I am not interested.
You will certainly not come anywhere near GRUB stage 1.5 without some number of real mode BIOS interrupts.
If you don't use any GRUB code but only FILO code you can certainly try to find GRUB's menu.lst by emulating what GRUB stage 1 does, but because device names are assigned differently in BIOS (which is the abstraction used by GRUB) and FILO, the file is useless unless it is adjusted for FILO's device names. (Then it becomes useless for GRUB of course.)
This is pointless. But let's talk that new boot spec.
//Peter
On 11/09/08 18:56 -0400, Joseph Smith wrote:
OK Peter and Jordan...you have prevoked a challenge. Would eithor of you care to put a wager on the fact I bet I can get to the GRUB menu based on the MBR's data without using any kind of real mode interrupt handler with FILO???
Seeing as how grub-legacy stage1 makes a int 13 call 19 instructions from the start, I am skeptical.
What you would have to answer is how you expect GRUB to be able to read the disk(s) in order to construct the information without int 13 support. GRUB does not come with any disk drivers of its own.
Furthermore what you are trying to do is something that grub-legacy and FILO already do - both operate in pretty much the same fashion - they both access drives looking for a configuration file of a certain name, which they read and parse. The only difference is that FILO has the disk driver code built in (and it executes in 32 bit flat mode), whereas GRUB starts execution in real mode and uses software services to accomplish what it needs.
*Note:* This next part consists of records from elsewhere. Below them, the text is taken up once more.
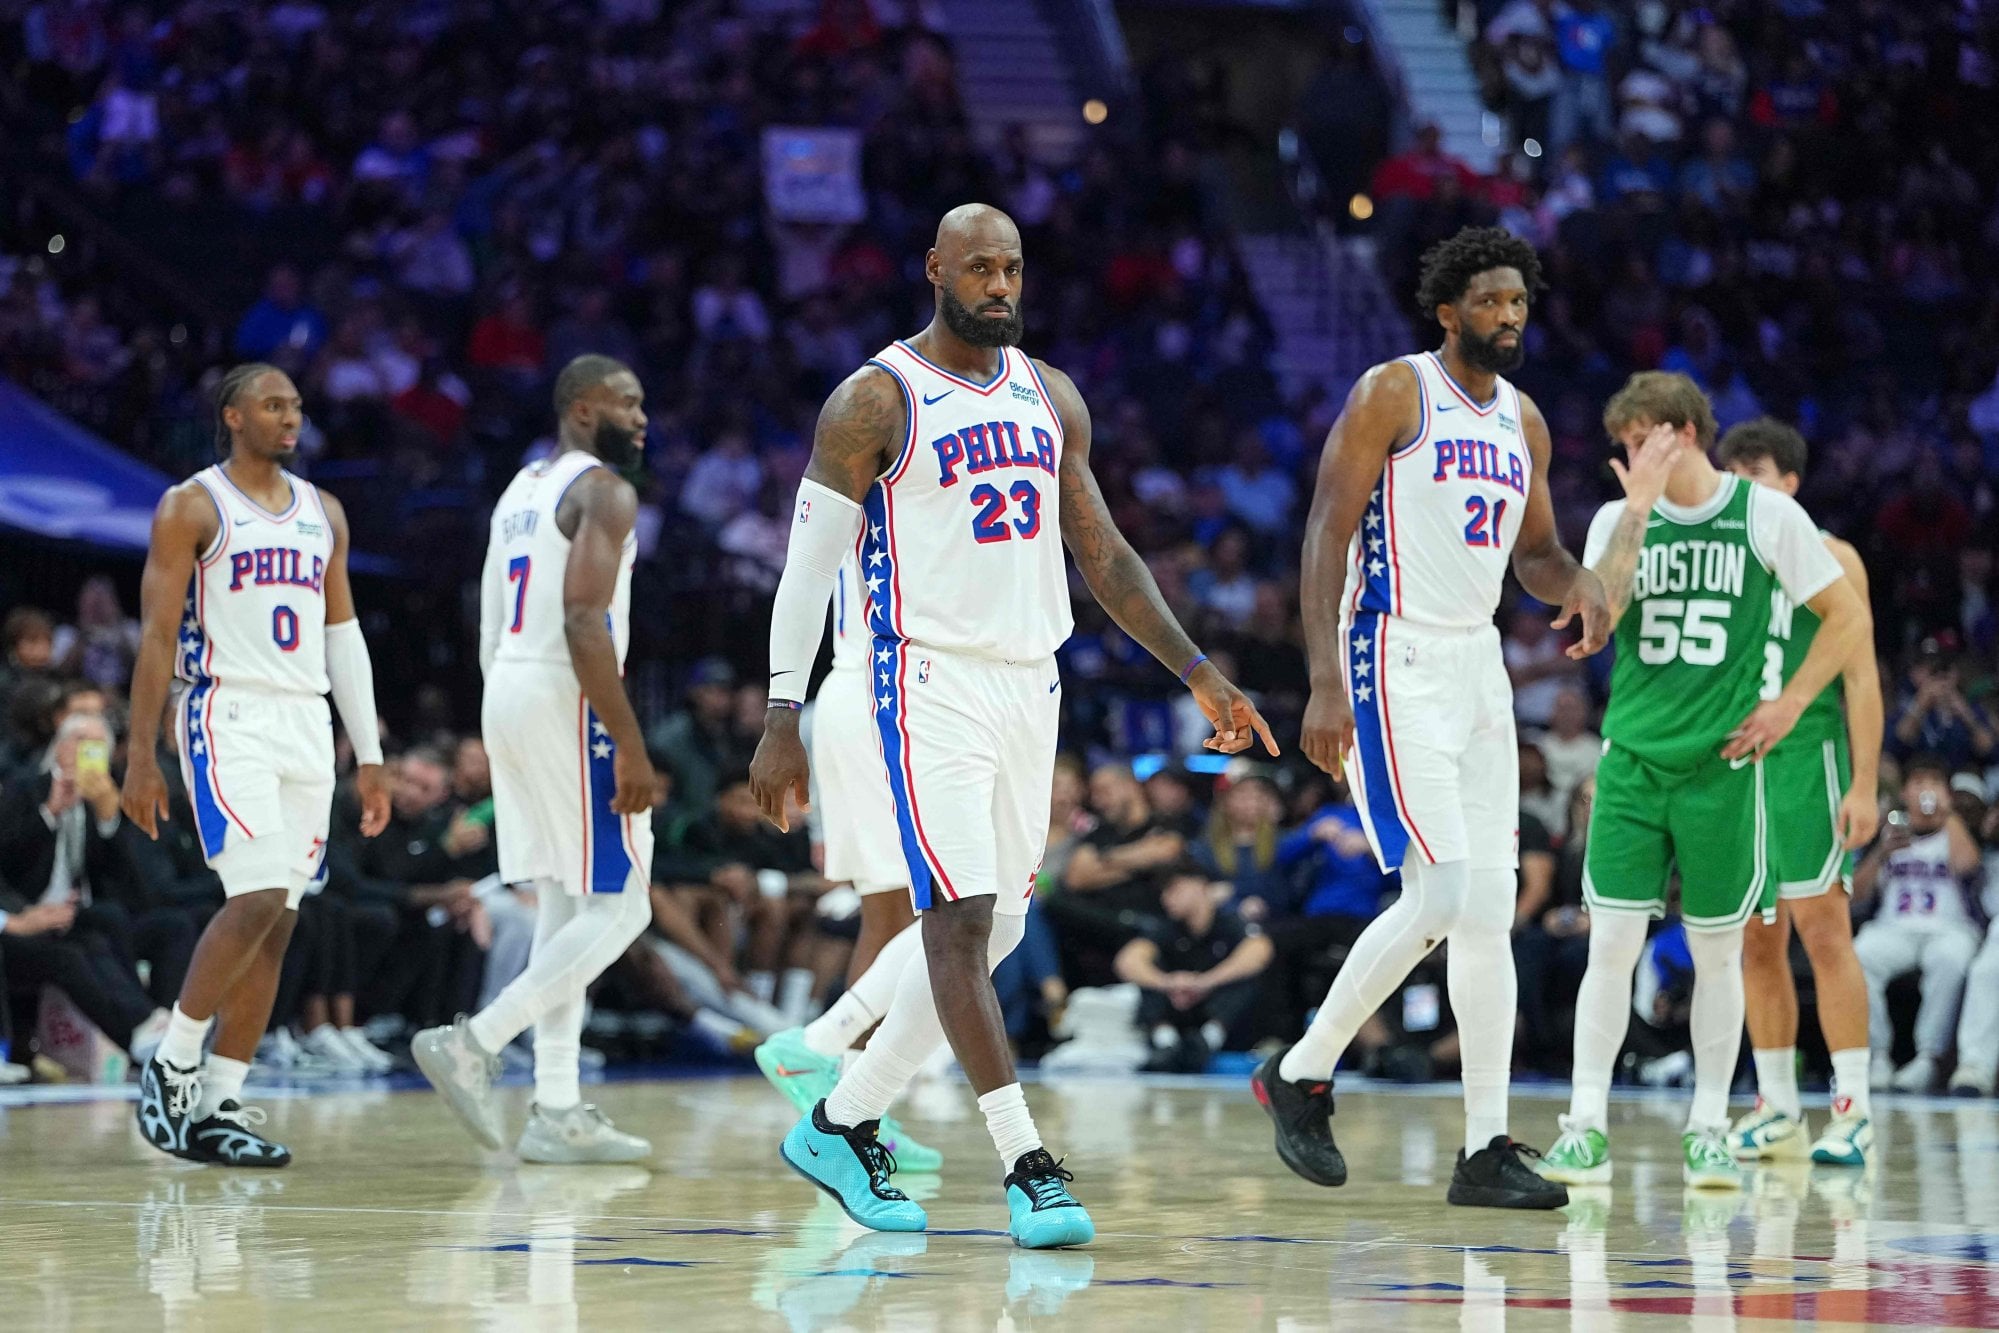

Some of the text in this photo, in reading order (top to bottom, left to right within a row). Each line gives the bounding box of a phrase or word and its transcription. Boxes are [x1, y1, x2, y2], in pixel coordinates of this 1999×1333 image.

[1009, 381, 1038, 398] Bloom
[1012, 392, 1039, 406] energy
[932, 421, 1056, 488] PHILA
[1433, 439, 1525, 497] PHILA
[970, 480, 1041, 544] 23
[1465, 495, 1507, 548] 21
[229, 548, 322, 596] PHILA
[509, 555, 531, 634] 7
[1633, 540, 1746, 601] BOSTON
[272, 604, 299, 652] 0
[1639, 599, 1731, 666] 55
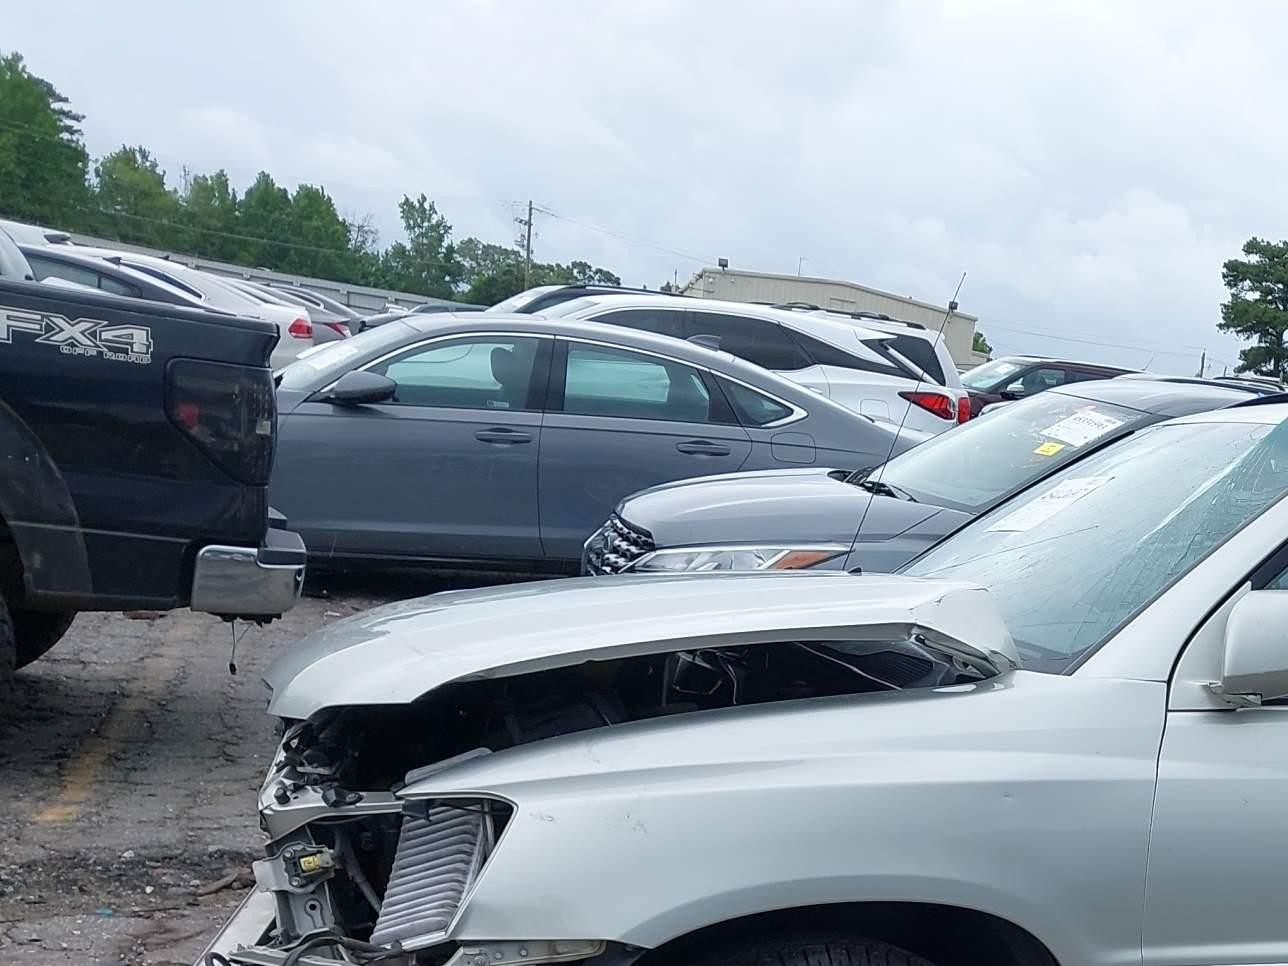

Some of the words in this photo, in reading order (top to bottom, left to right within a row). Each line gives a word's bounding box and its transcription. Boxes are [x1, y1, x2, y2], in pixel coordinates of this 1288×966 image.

[0, 305, 153, 356] FX4
[59, 345, 97, 356] OFF
[103, 351, 151, 364] ROAD
The idea that paths and names and numbers don't match across all the components of the boot is an age old problem that everybody has. Legacy BIOS numbering runs smack into bootable SATA and USB drives which runs smack into a kernel naming scheme is that not very logical. Yes, this is a pretty darn big problem, and GRUB2 has had to address it as well. They have chosen to rely more on drive IDs and disk labels, which may or may not be a good solution for us. Time and experimentation will tell.
But what you are doing is probably not the way to go about what you want to accomplish. If you want to play with SeaBIOS, then I'm sure Kevin would be happy to have the help. If you want to experiment with a coherent naming scheme, then FILO knows how to access ATA and USB drives in a number of filesystem formats (and I'm sure you could probably add more if you wanted to). That, I believe is a better use of your time and energy.